Write each line exactly, from the line that holds "Some of the text" through the final line of the material, and no other line.

*SOURCE INFORMATION:*
[Start of Attachment]
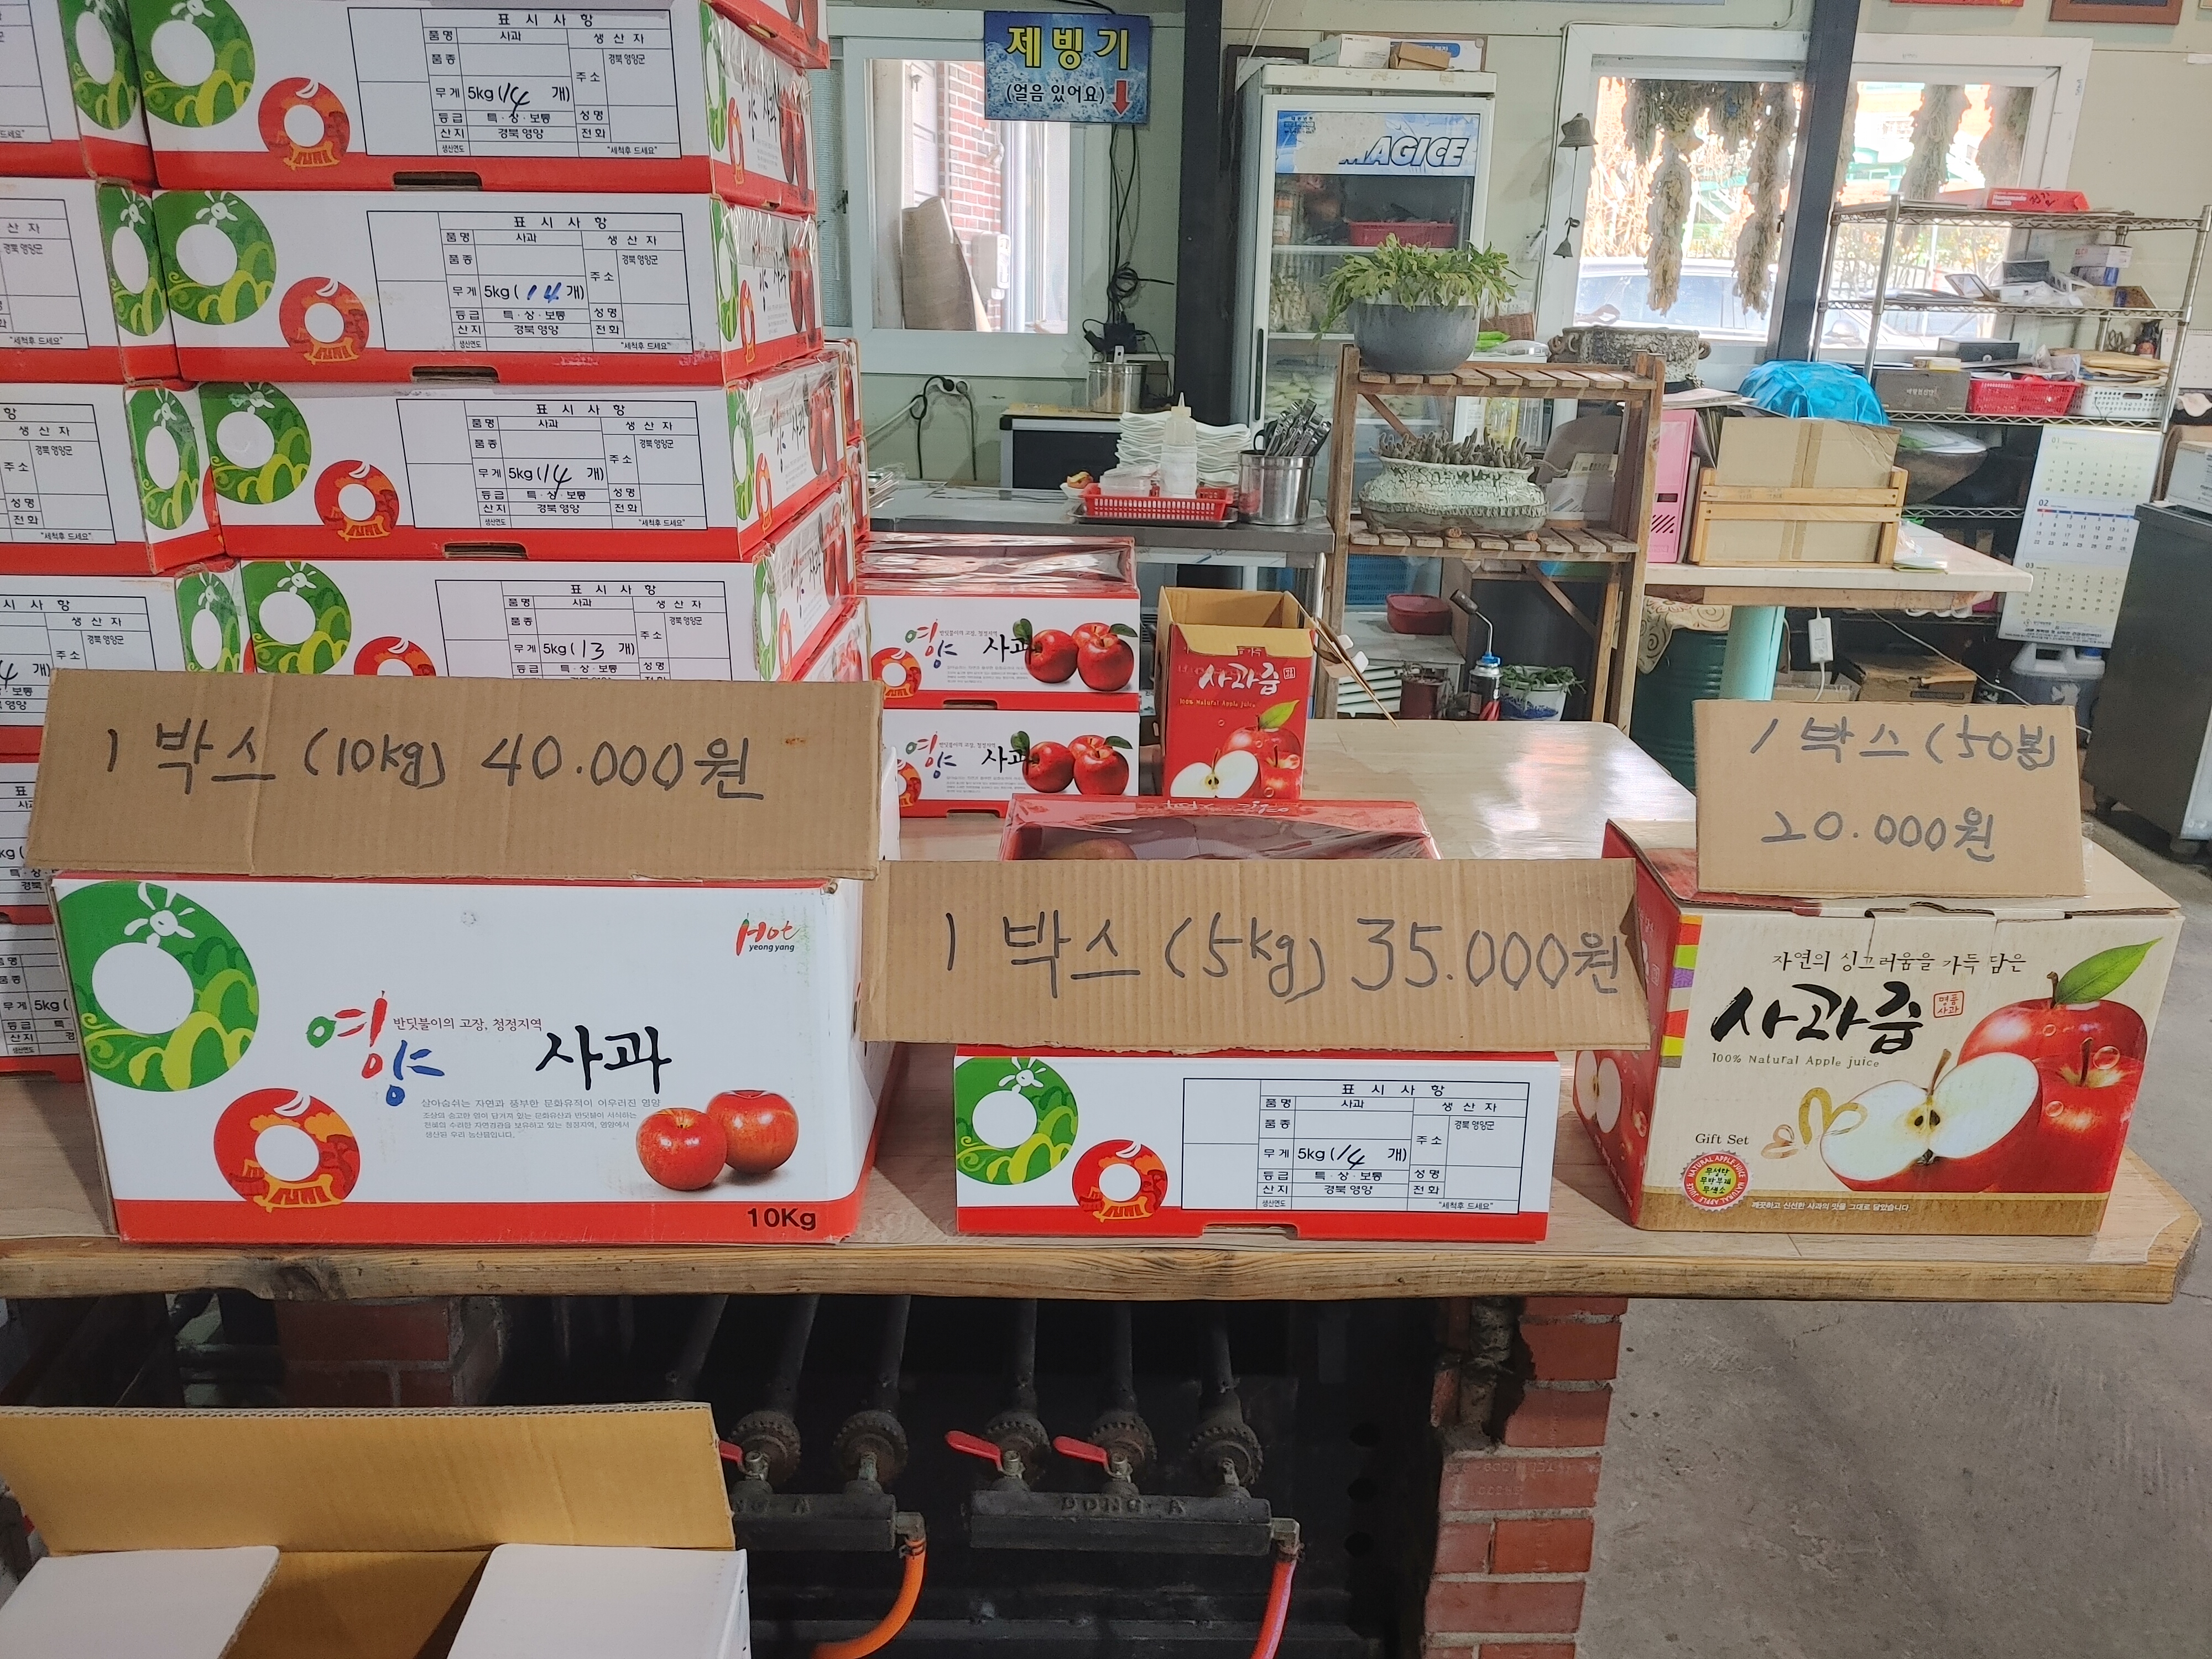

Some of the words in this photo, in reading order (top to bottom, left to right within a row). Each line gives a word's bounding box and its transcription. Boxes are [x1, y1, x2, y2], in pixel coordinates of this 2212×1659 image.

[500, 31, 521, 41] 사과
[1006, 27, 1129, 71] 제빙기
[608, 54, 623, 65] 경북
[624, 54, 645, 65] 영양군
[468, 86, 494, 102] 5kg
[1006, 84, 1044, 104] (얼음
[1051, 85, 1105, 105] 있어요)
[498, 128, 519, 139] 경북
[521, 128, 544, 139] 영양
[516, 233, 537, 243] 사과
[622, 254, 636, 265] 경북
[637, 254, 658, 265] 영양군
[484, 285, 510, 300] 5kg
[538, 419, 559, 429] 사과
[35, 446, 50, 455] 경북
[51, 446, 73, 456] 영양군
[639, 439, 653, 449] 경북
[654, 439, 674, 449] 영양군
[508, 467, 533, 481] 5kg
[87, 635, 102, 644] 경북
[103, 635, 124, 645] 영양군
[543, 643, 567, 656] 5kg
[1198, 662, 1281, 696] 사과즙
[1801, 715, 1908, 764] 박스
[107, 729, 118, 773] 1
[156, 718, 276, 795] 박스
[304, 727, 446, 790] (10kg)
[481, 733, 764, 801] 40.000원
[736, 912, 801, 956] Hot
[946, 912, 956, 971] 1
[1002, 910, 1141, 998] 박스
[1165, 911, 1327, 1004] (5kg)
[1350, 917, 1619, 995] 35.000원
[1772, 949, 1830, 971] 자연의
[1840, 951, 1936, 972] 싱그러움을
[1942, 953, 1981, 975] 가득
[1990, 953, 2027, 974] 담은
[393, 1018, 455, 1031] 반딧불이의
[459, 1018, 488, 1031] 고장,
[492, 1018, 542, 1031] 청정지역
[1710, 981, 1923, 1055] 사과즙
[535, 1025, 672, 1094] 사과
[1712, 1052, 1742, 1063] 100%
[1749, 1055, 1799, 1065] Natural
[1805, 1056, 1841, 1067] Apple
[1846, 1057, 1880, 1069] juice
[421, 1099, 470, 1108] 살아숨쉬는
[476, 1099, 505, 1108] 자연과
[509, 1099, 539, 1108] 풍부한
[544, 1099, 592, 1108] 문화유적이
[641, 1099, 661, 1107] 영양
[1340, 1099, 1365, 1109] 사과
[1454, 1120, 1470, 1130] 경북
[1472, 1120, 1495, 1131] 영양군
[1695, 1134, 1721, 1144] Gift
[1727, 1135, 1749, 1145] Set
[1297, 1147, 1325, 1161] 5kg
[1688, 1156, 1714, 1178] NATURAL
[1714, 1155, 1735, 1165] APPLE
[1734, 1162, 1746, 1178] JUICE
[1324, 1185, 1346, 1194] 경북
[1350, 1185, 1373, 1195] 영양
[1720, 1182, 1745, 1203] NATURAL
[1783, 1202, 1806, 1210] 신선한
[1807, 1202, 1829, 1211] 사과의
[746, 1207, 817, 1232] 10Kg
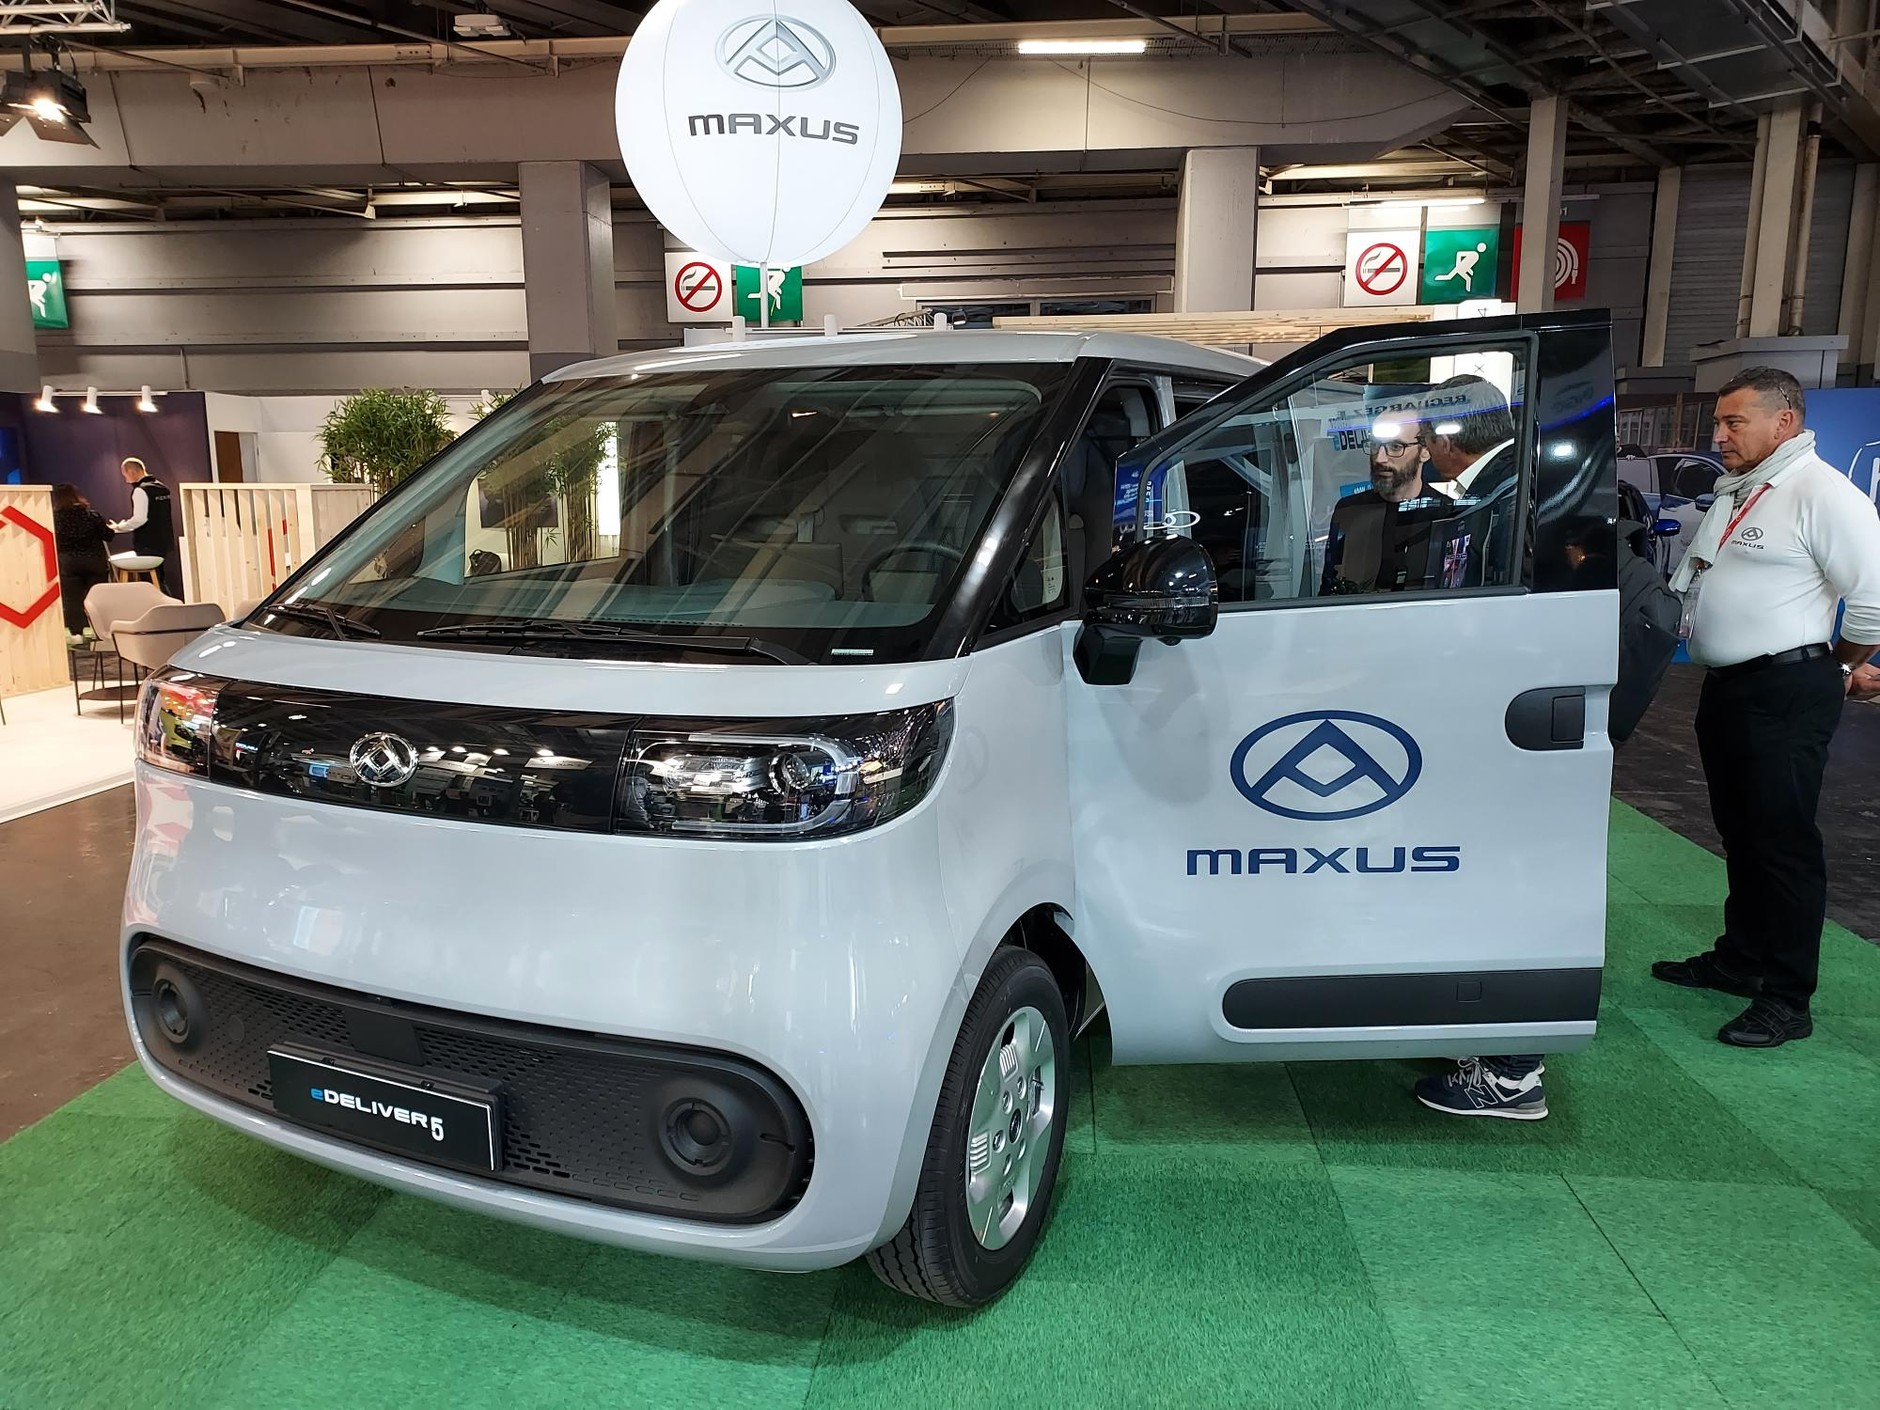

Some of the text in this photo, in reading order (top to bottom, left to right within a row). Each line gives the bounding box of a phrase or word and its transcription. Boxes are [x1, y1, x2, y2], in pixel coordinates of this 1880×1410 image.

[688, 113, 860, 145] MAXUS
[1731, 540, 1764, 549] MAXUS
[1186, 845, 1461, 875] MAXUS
[End of Attachment]
*OUTPUT FOR THIS TASK:*
Some of the text in this photo, in reading order (top to bottom, left to right within a row). Each line gives the bounding box of a phrase or word and its transcription. Boxes are [x1, y1, x2, y2], in pixel coordinates of this 1880×1410 image.

[688, 113, 860, 145] MAXUS
[1731, 540, 1764, 549] MAXUS
[1186, 845, 1461, 875] MAXUS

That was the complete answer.